What the exercise asks — Everything in the listing below has to be repeated exactly, except the pictures.

Supplied material —
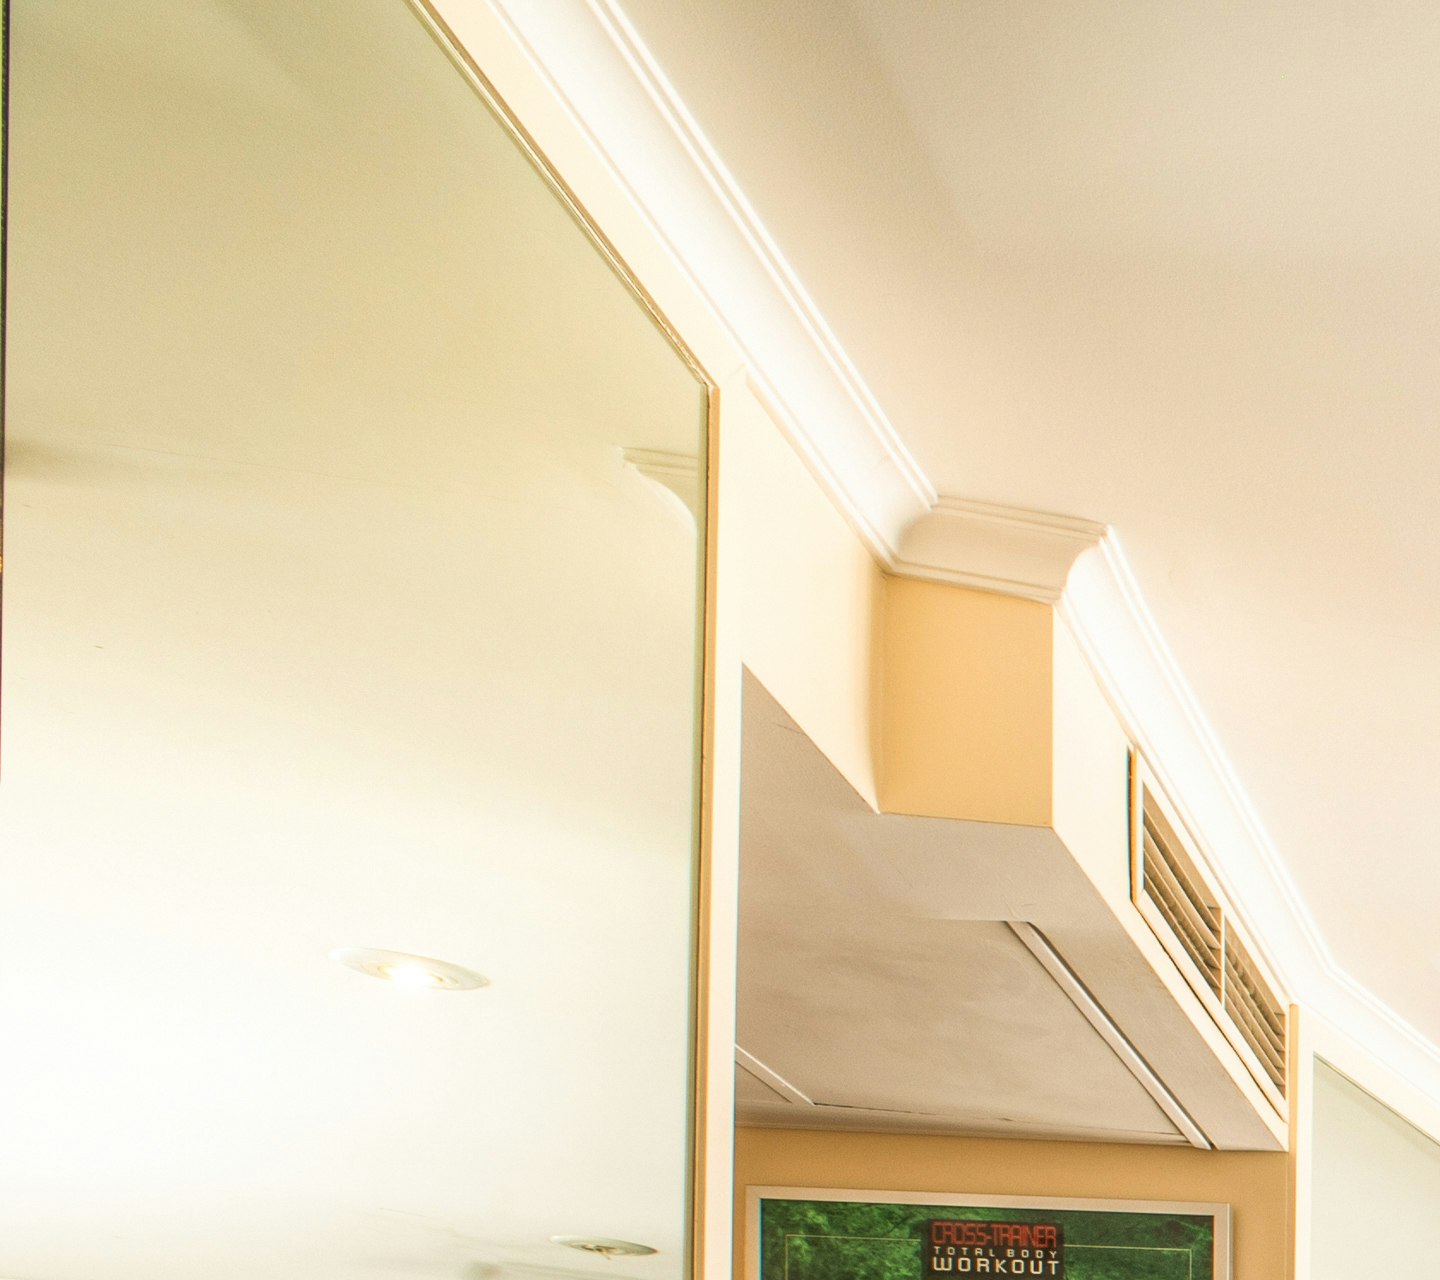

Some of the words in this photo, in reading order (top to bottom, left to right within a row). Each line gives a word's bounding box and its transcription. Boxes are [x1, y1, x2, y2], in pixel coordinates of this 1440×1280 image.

[932, 1221, 1057, 1248] CROSS-TRAINER
[934, 1246, 996, 1257] TOTAL
[1006, 1249, 1057, 1259] BODY
[932, 1256, 1060, 1275] WORKOUT

Reply to the task —
Some of the words in this photo, in reading order (top to bottom, left to right within a row). Each line gives a word's bounding box and its transcription. Boxes are [x1, y1, x2, y2], in pixel coordinates of this 1440×1280 image.

[932, 1221, 1057, 1248] CROSS-TRAINER
[934, 1246, 996, 1257] TOTAL
[1006, 1249, 1057, 1259] BODY
[932, 1256, 1060, 1275] WORKOUT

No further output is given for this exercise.